It is also important for understanding the legacy of the Register to recall how he addressed this:
[It] presumably means that at some particular point of time, at some point of the historical curve, socialist prospects were better, more hopeful… One would therefore expect the evidence for it to be blindingly obvious, or at least very easily obtainable. But it is not. In fact, the evidence points mostly the other way.
Miliband then marshaled the following evidence. However admirable and heroic were many movements and struggles from Chartism to the Paris Commune in Marx’s time,
[It] is no disparagement of these pioneering endeavours to note the incoherence and divisions, the fragility of organization and the confusion of aims. . . [or] the fact that the established order of which capitalism had become a part found it discouragingly easy, despite its limited means, to repel the challenge against it.
And while the decades before World War I witnessed the growth of working-class parties and unions, it was still the case that “a large part of the working classes, most workers on the land, the bulk of the lower middle class and much the larger part of the intelligentsia still gave more or less active support to a variety of resolutely anti-socialist parties and causes,” including strong support for “imperialist ventures and conquests.” Meanwhile, the new mass organizations themselves not only quickly fell victim to “the bureaucratic curse,” but also were “riddled with energetic climbers, more concerned with place than purpose.”
The interwar years — “usually most favored as providing an illustration of the thesis of socialist decline” — witnessed “the survival of the Bolshevik revolution” but “the absence of revolution almost everywhere else, particularly in Germany,” leaving a deleterious image “stamped upon socialism by its consolidation in a country so profoundly backward as Russia.” This could not be erased by those who made the “acceptance of a grotesquely roseate view of the Soviet regime … the first criterion of socialist rectitude.”
And while many labor movements in the 1930s grew in “numbers, organization, and influence. . . the thirties have a high claim to be considered as the most terrible period of defeat in this century for the international Socialist and Labor movements.” The Nazis’ capture of Germany involved crushing with relative ease “a divided and demoralized labor movement,” and this was soon followed by the ineffective opposition to appeasement by labor movements in other countries. Moreover, it was “only in the world of historical make-believe that most British intellectuals and academics were then on the Left, or that Cambridge University went off en masseto fight for Republican Spain.
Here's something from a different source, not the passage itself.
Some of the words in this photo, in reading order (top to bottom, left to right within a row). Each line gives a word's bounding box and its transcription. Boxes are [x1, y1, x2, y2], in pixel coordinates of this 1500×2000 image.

The reality was altogether different.” And if it was true that in the United States in the 1930s socialist ideas “gained a wider currency than ever before, notably among intellectuals and academics” at a time when “trade unionism made spectacular gains,” the “feuding socialist groups never achieved any degree of popular support” while the unions “found acceptable the New Deal’s explicit aim of putting capitalism back on its feet.” And here was the punch line:
What is true about the thirties is that the committed minorities were much more confident than the equivalent (and probably larger) minorities of the recent past that capitalism was more or less on its last legs, and that socialism was not only round the corner, but that, as proved by Soviet experience, it must soon usher in the reign of sweetness and light, with minor difficulties mostly caused by a handful of enemies of the people. This no doubt gave many socialists a sense of certitude which their successors have found it difficult to share.
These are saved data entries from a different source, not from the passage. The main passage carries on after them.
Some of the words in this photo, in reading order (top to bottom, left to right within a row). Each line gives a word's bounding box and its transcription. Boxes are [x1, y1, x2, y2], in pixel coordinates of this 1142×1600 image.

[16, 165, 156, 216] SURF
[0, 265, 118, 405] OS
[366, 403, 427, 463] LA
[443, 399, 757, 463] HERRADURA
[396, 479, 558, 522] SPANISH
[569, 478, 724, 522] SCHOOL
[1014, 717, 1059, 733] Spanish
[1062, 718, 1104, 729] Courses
But since some part, at least, of the socialist confidence of the 1930s was based on wishful thinking and undemanding faith, the loss of it may be less regrettable than is often suggested. Socialism is not a religious movement. An awareness of its problems as well as of its promise may be a more solid and lasting basis of commitment than a belief in its magic properties as a cure-all.
A key strategic lesson Miliband wanted Register readers to draw from his observations on the 1930s concerned “the relationship between economic crisis and socialist commitment — or rather the lack of such relationship.” If deprivation alone was the catalyst, socialism would have conquered capitalism long ago. On the other hand, the very “character of capitalist ‘affluence’” left plenty of room for socialist pressure and persuasion “to drive home the lesson that a system whose dynamic is private appropriation and profit makes impossible the rational and human organization and use of the tremendous resources it has brought into being.”
This perspective was further sustained by Hamza Alavi’s essay which immediately followed Miliband’s in the first volume. It posed a fundamental challenge to the Leninist theory of imperialism as well as to various postwar Marxist explanations for “the continued functioning of the economies of the advanced capitalist countries which have helped to ‘postpone the crisis.’”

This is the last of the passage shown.